» **YOUR INSTRUCTIONS**
The entries below are to be written out exactly, with no images included.

=-=-=

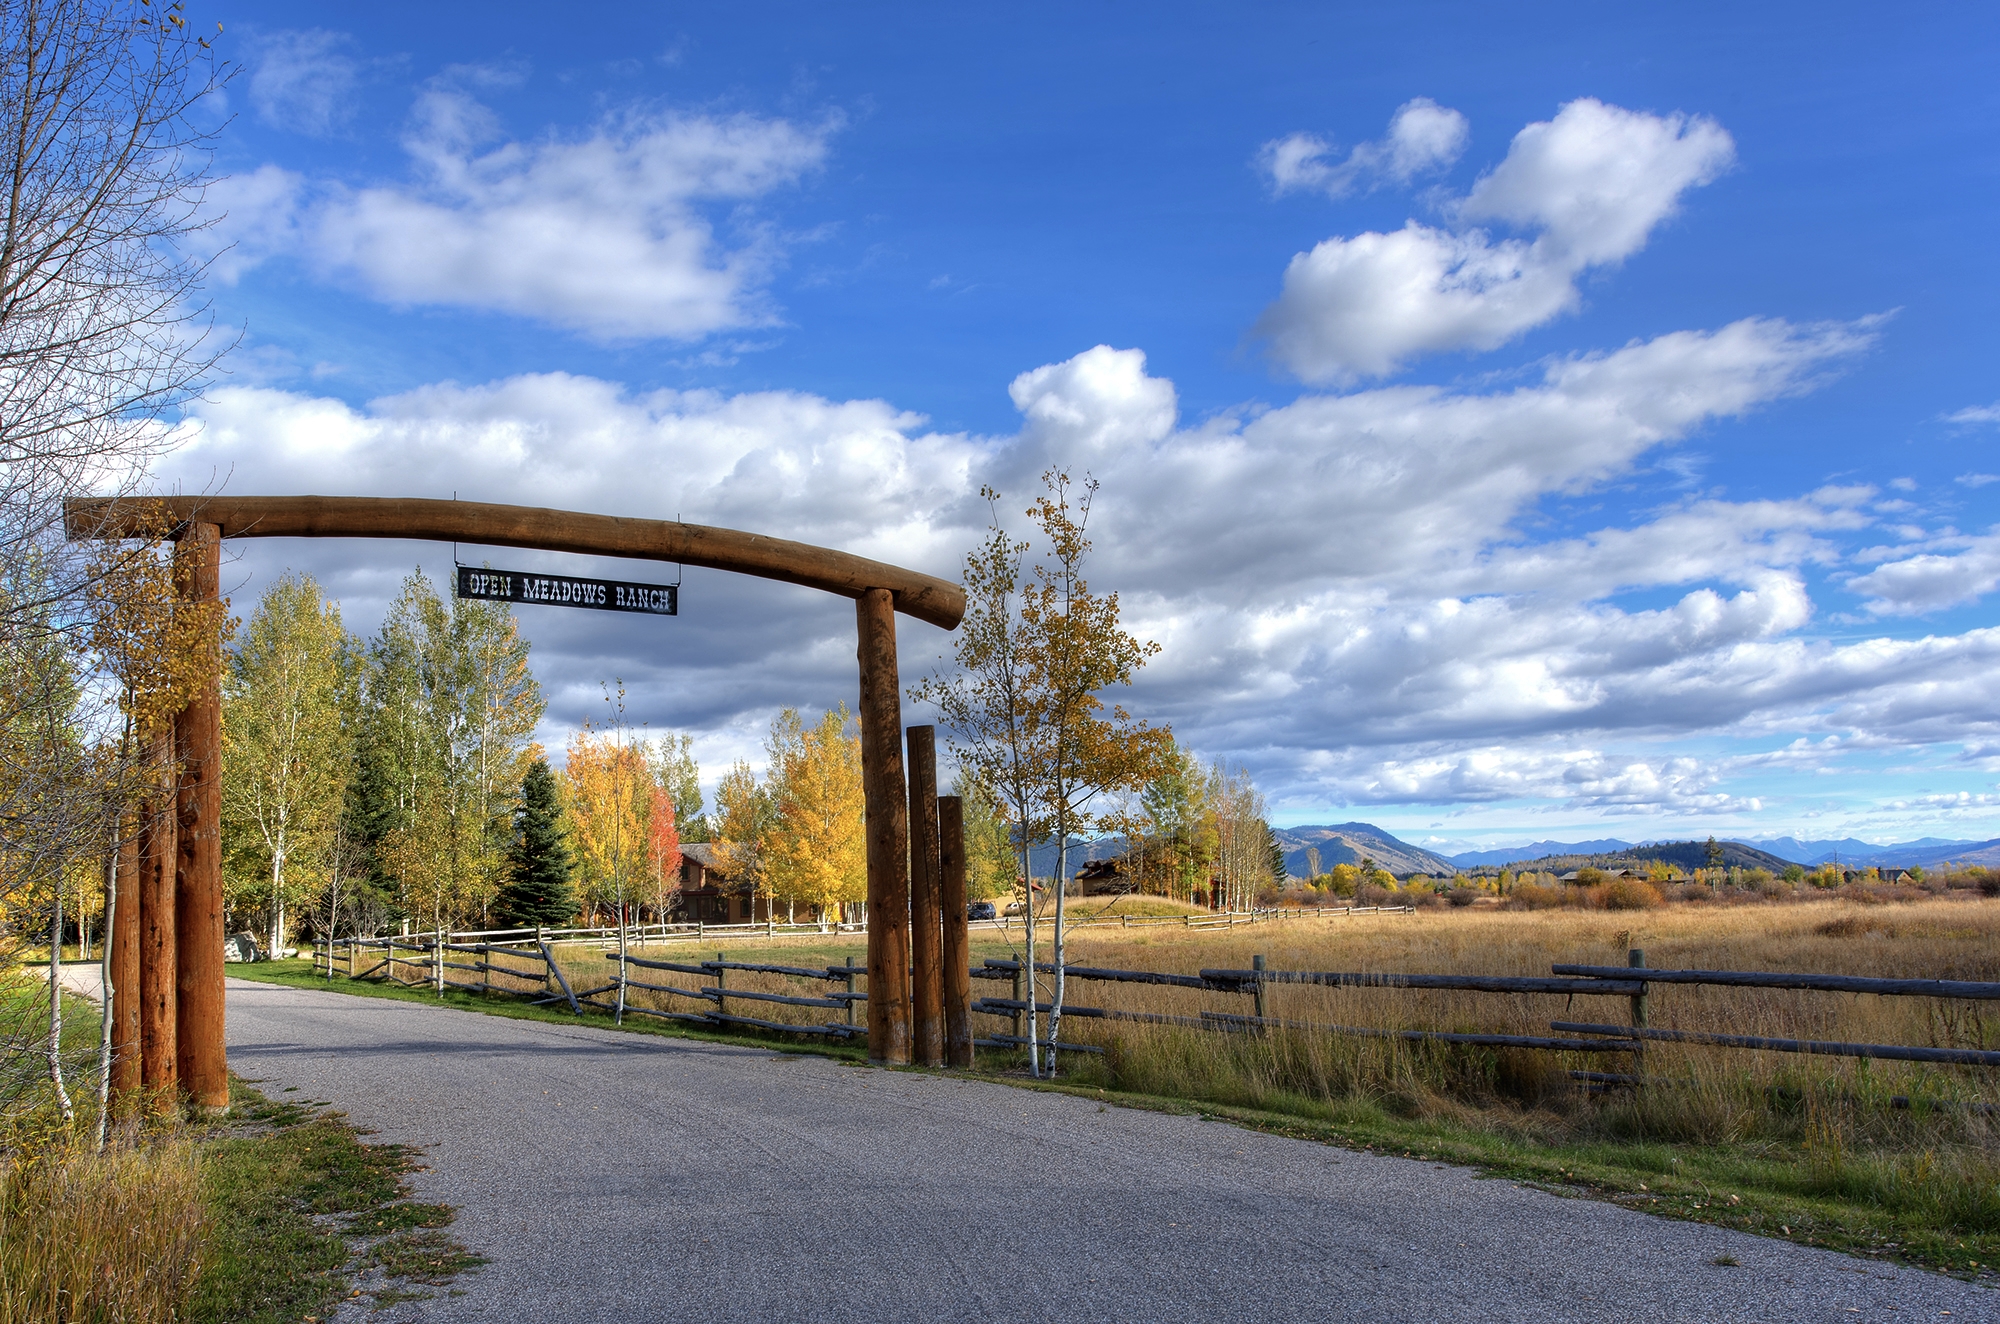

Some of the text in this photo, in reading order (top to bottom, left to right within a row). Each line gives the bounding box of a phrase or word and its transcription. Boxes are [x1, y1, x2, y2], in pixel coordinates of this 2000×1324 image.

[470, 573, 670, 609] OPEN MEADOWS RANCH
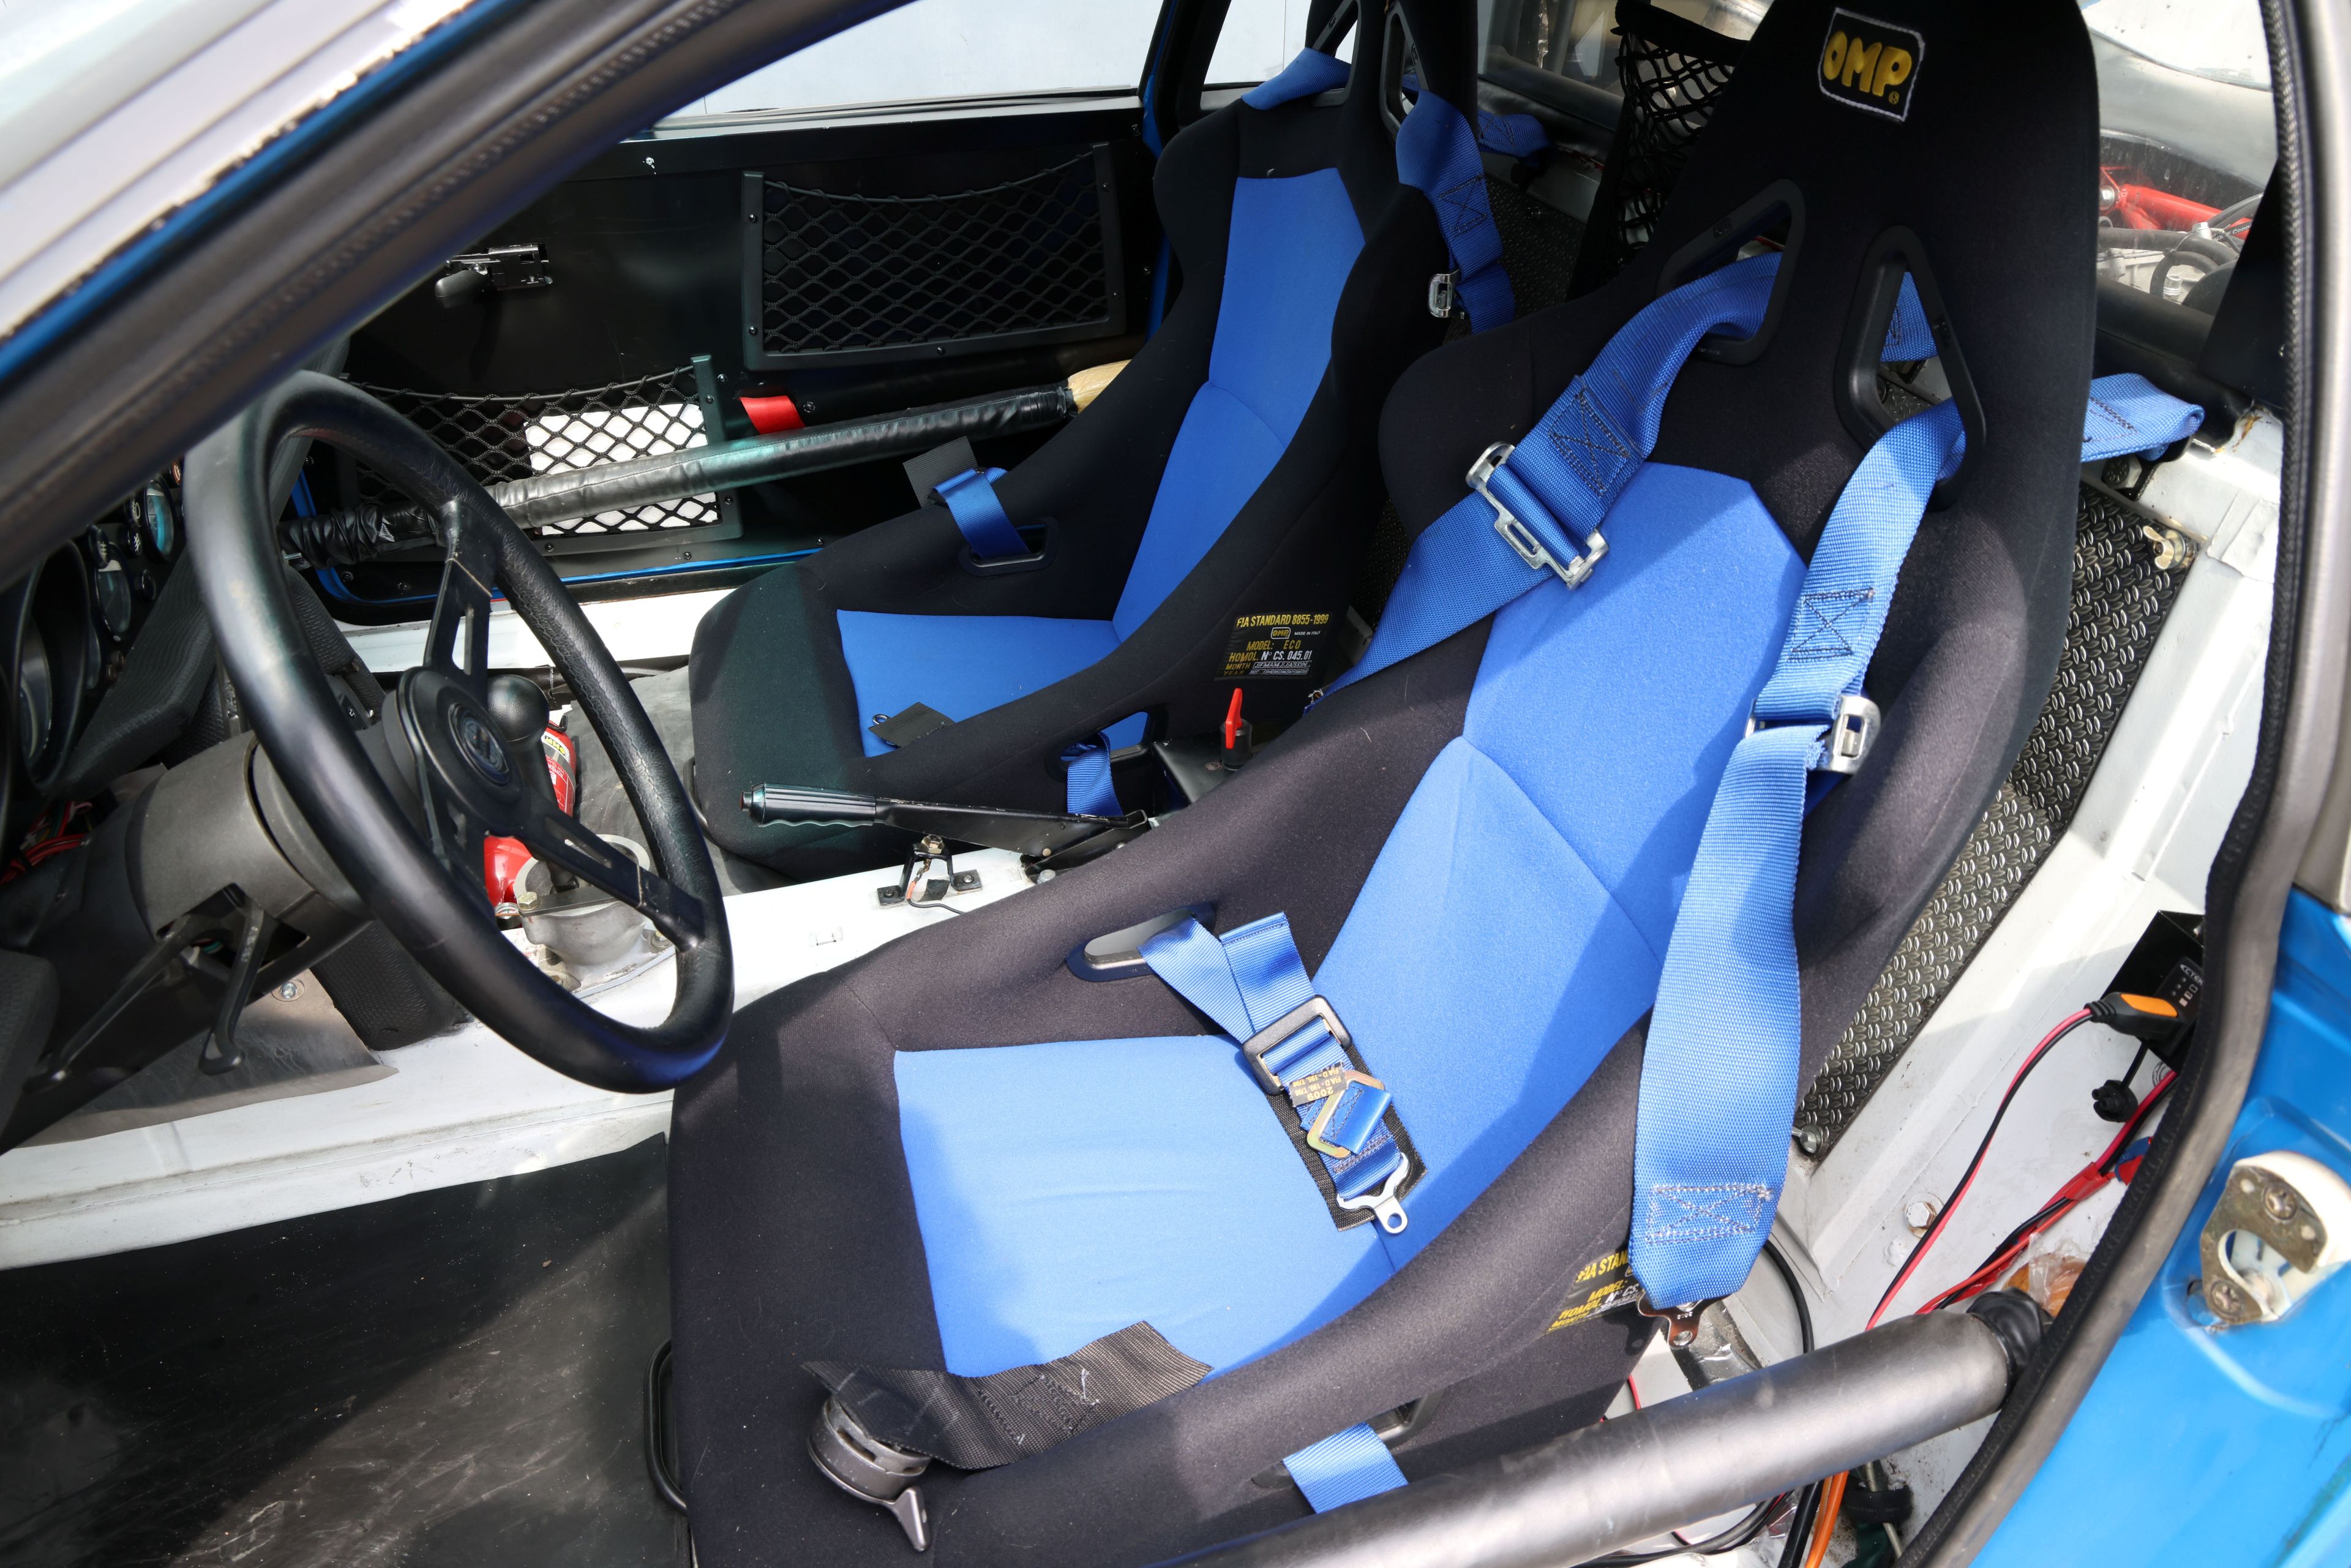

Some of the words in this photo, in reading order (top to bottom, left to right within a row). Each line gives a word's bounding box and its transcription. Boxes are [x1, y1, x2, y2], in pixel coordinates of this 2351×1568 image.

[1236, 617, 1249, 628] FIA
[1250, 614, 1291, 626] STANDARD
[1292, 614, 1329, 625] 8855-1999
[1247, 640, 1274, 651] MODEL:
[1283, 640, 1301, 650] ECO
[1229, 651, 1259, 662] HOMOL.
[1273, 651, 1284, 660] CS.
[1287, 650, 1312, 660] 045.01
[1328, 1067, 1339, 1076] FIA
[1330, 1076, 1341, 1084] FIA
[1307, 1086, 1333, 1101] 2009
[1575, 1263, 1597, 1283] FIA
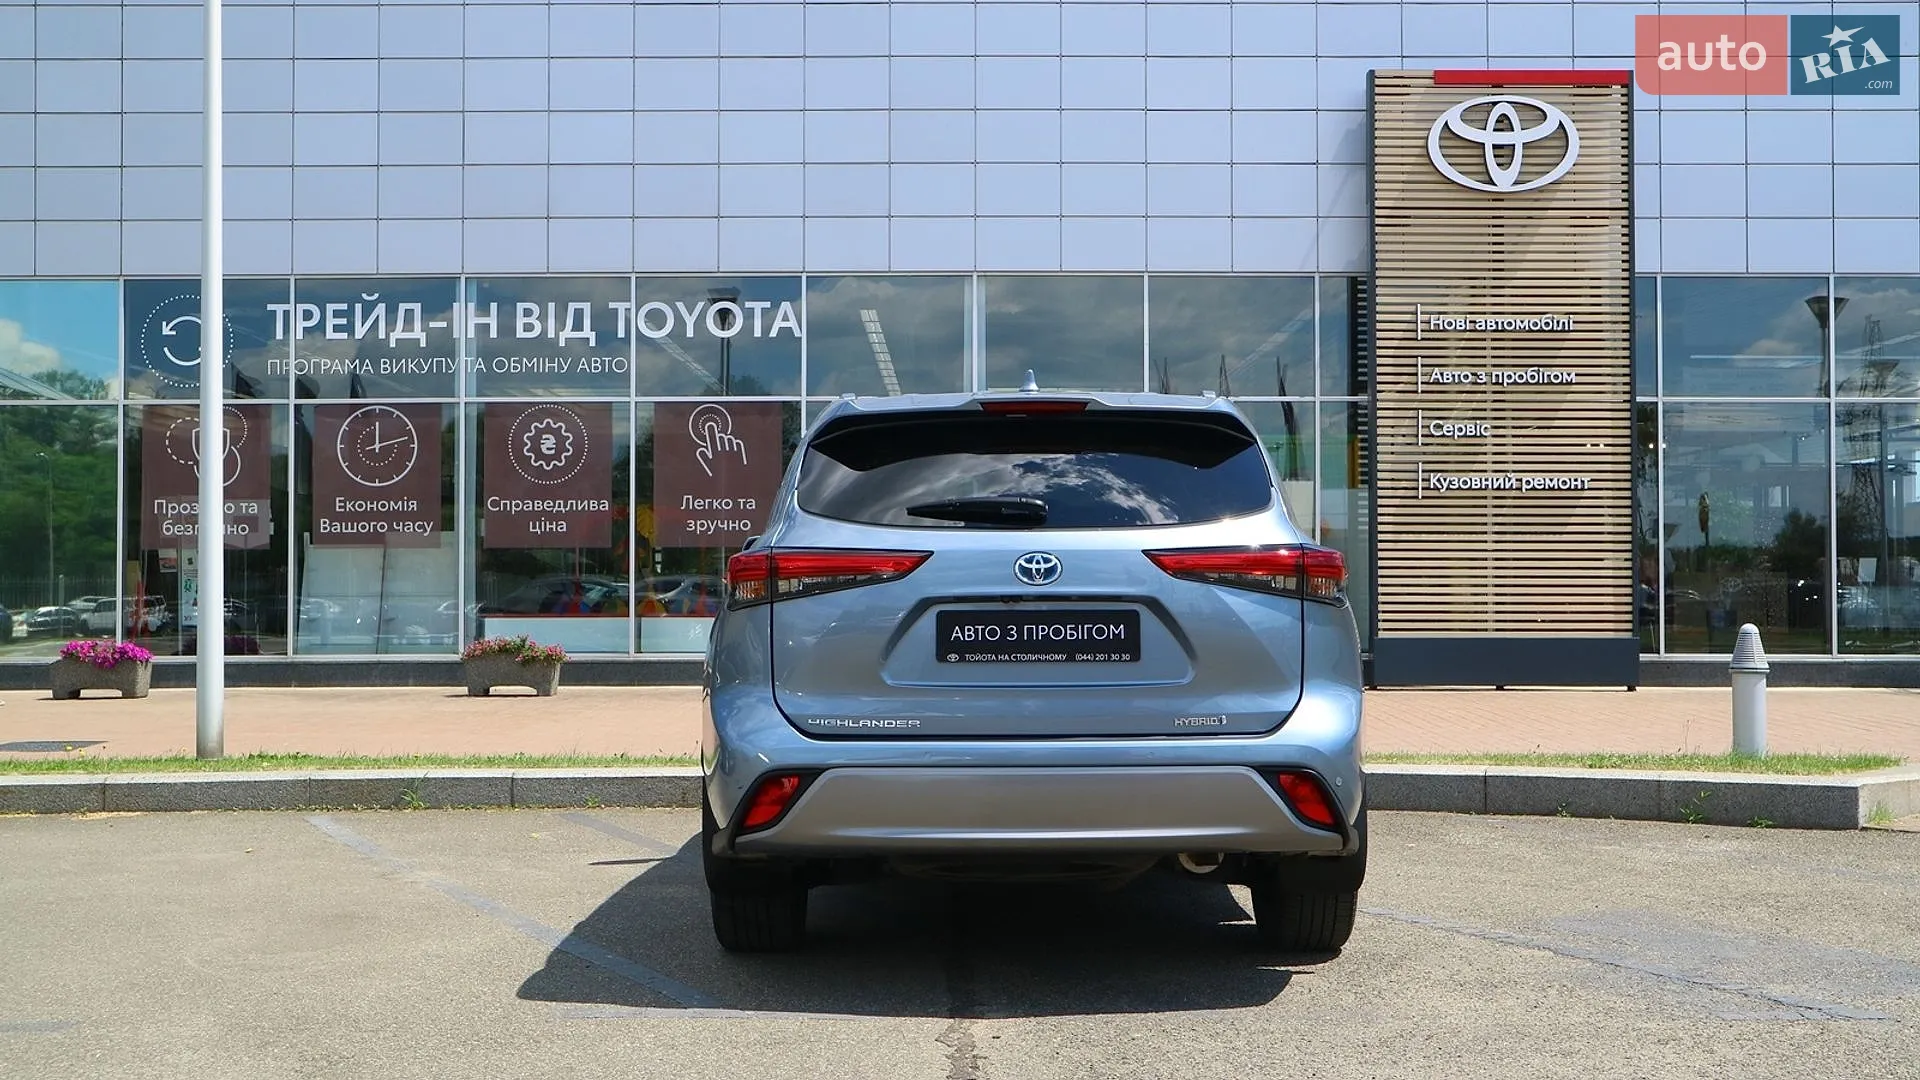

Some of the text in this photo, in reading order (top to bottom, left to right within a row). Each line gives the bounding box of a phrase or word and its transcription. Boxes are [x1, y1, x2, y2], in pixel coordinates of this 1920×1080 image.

=-=-=

» **RESULT**
Some of the text in this photo, in reading order (top to bottom, left to right within a row). Each line gives the bounding box of a phrase or word and its transcription. Boxes are [x1, y1, x2, y2], in pixel coordinates of this 2000×1324 image.

[470, 573, 670, 609] OPEN MEADOWS RANCH

Some of the words in this photo, in reading order (top to bottom, left to right within a row). Each line gives a word's bounding box and its transcription. Boxes are [x1, y1, x2, y2], in pixel coordinates of this 2351×1568 image.

[1236, 617, 1249, 628] FIA
[1250, 614, 1291, 626] STANDARD
[1292, 614, 1329, 625] 8855-1999
[1247, 640, 1274, 651] MODEL:
[1283, 640, 1301, 650] ECO
[1229, 651, 1259, 662] HOMOL.
[1273, 651, 1284, 660] CS.
[1287, 650, 1312, 660] 045.01
[1328, 1067, 1339, 1076] FIA
[1330, 1076, 1341, 1084] FIA
[1307, 1086, 1333, 1101] 2009
[1575, 1263, 1597, 1283] FIA

Some of the text in this photo, in reading order (top to bottom, left to right within a row). Each line gives the bounding box of a phrase or word and its transcription. Boxes are [x1, y1, x2, y2], in pixel coordinates of this 1920×1080 image.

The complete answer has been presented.